Authored by Andrew Thornebrooke via The Epoch Times (emphasis ours),
A key U.S. ally in the Middle East is also one of the top financial and political backers of the Hamas terrorist organization. That relationship could now undermine the U.S.-Israel alliance and peace in the Middle East more broadly, according to one expert.
Qatar provides financial and diplomatic support to numerous terrorist groups and state sponsors of terror, including Hamas and Iran.
Now, the authoritarian nation is assisting the Hamas terrorist organization to maintain its control over the Gaza Strip, according to Asher Fredman, director for Israel at the Abraham Accords Peace Institute think tank.
“Qatar is a key supporter of Hamas, housing Hamas offices and senior leaders in Doha, and providing Hamas with funds that enable it to maintain its control over Gaza,” Mr. Asher told The Epoch Times.
Mr. Asher added that while Iran is Hamas’s primary patron for military support and training, Qatar is its go-to for spreading anti-Israel propaganda. This work, he said, is primarily done through Al Jazeera, a media network funded by the Qatari government.
“Through the Al Jazeera network, Qatar spreads narratives that demonize and delegitimize Israel, and justify terrorism, thereby supporting Hamas in its efforts,” Mr. Asher said.
Qatar Shielding Terrorists
Qatar has shielded numerous key leaders of the Hamas over the decades.
Ismail Haniyeh, Hamas’s top political leader, currently lives a life of relative luxury in the Qatari capital of Doha. From there, he and several other members of Hamas reportedly publicly celebrated the mass murder, torture, and rape of Israeli civilians on Oct. 7.
Qatar’s authoritarian government has consistently refused to arrest or hold Hamas leadership accountable for its crimes.
Instead, in the aftermath of Hamas’s assault on Israel this month, Qatar offered to mediate between Israel and the terrorist organization.
Mr. Asher said the United States should, therefore, use its clout with Qatar to bring about the unconditional release of hostages taken by Hamas and bring the organization’s leadership to justice.
“No Hamas leader anywhere should be immune from Israel’s response,” Mr. Asher said.
“The U.S. should demand that Qatar use this leverage to bring about the unconditional release of the hostages, in line with international law. If Qatar refuses, the U.S. should absolutely reevaluate its alliance and the preferred status it gives to Qatar.”
Pulling Back From Qatar No Easy Task
Reevaluating its relationship with Qatar is no easy task for the United States.
The country is home to the United States’ largest military base in the Middle East and has long been a centerpiece in the nation’s regional strategy.
Moreover, the Biden administration has done more than previous governments to foster that relationship.

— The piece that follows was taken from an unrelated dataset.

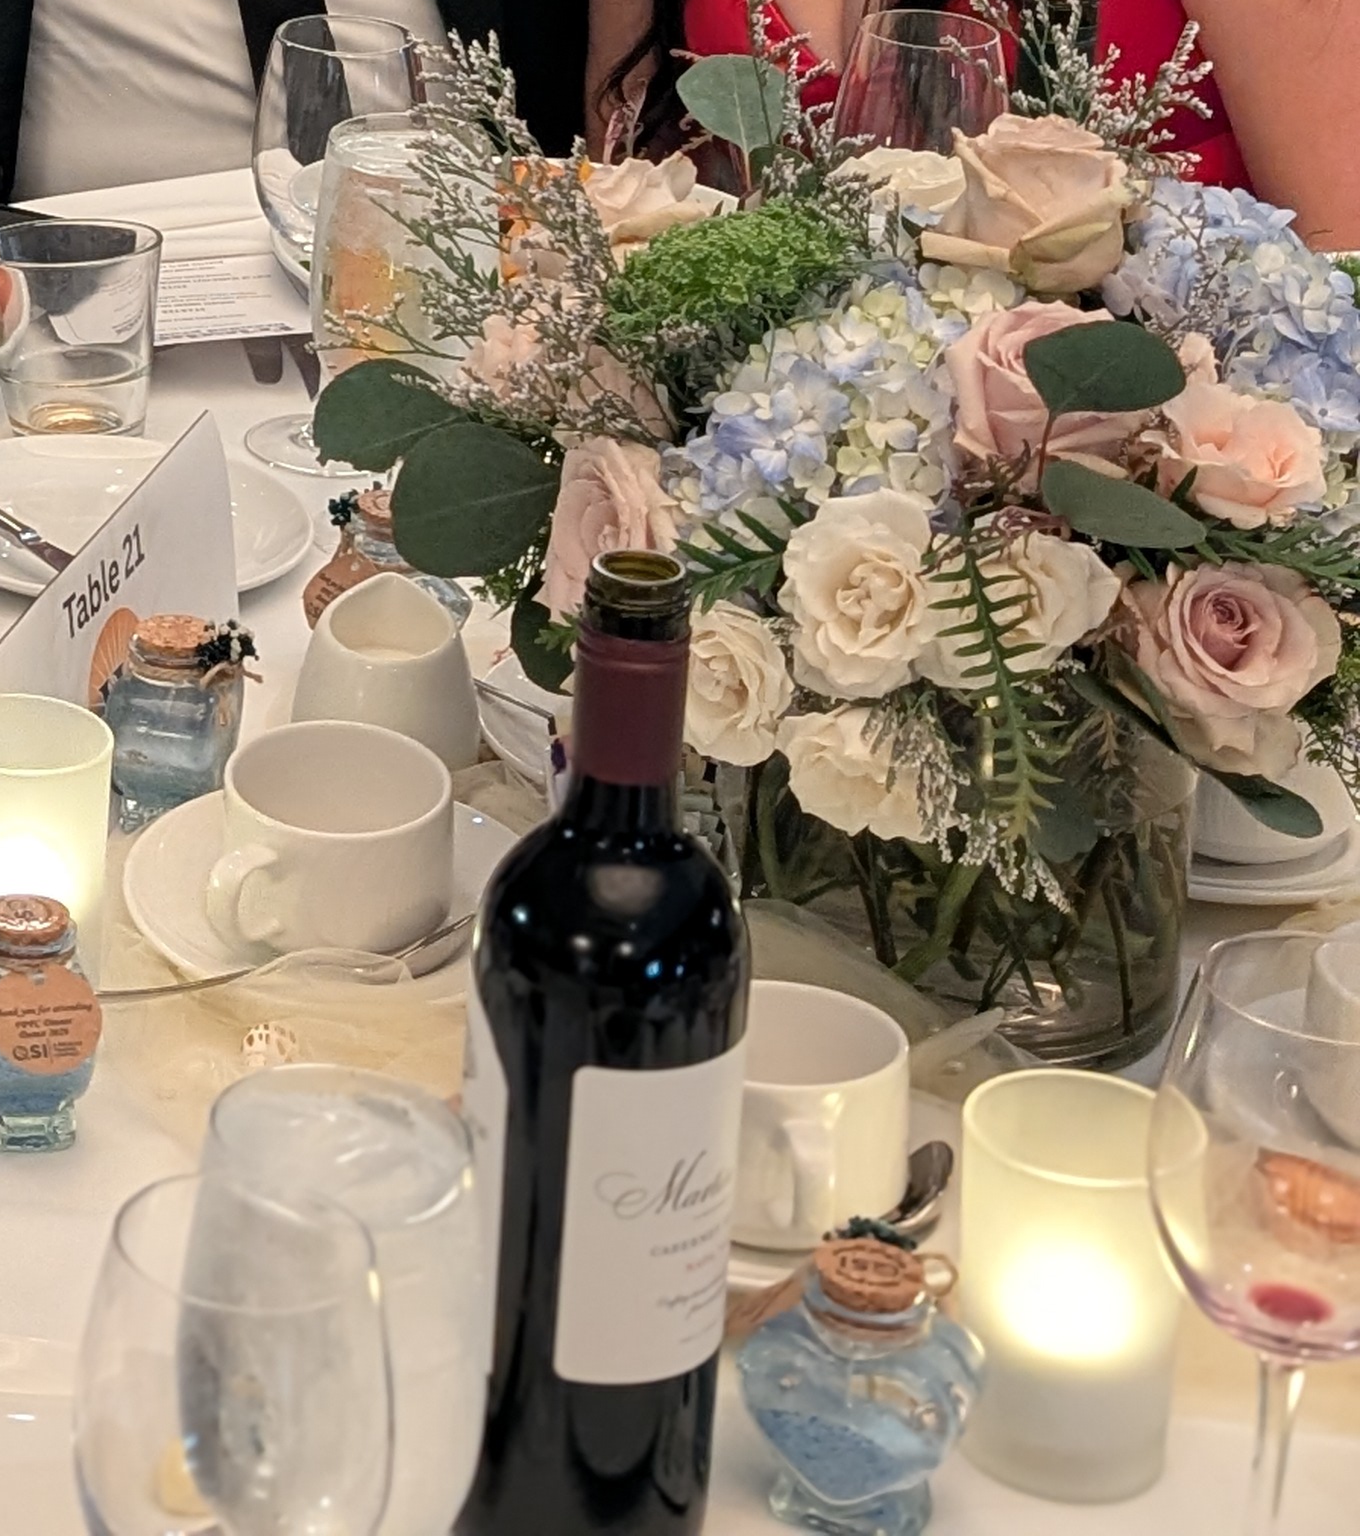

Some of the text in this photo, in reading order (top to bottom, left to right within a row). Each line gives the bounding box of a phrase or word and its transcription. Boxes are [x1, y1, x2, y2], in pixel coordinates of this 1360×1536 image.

[63, 524, 146, 638] Table 21
[12, 1044, 48, 1061] QSI

The Biden administration formally designated Qatar as a major non-NATO ally last year, for what President Joe Biden described as Qatari assistance during the U.S. withdrawal from Afghanistan and “maintaining stability in Gaza.”
“Qatar is a good friend and reliable and capable partner,” President Joe Biden said at the time.
Despite its efforts to prop up terrorist groups throughout the region, Mr. Asher said, Qatar’s influence is broadly understood for what it is throughout the Middle East.
As such, other regional powers were unlikely to grow warmer with either Qatar or the terrorist organizations it shelters.
“Arab leaders understand that Hamas, a radical ISIS-like terror group sponsored by Iran, is a threat to their vision of a peaceful and prosperous Middle East and an obstacle to Israel-Palestinian peace. Eliminating Hamas, therefore, is ultimately in their interest,” Mr. Asher said.
“The U.S. and all enlightened countries must put massive pressure on countries with leverage over Hamas—such as Qatar, Turkey, and Egypt—to demand that Hamas release its hostages immediately.”
The State Department declined to clarify the scope of the United States’ cooperation with Qatar during the ongoing Israel-Hamas war.
A State Department official instead referred The Epoch Times to a readout of the Oct. 7 meeting between Secretary of State Antony Blinken and Qatar's prime minister and foreign minister. That readout said, “The two agreed to remain closely coordinated.”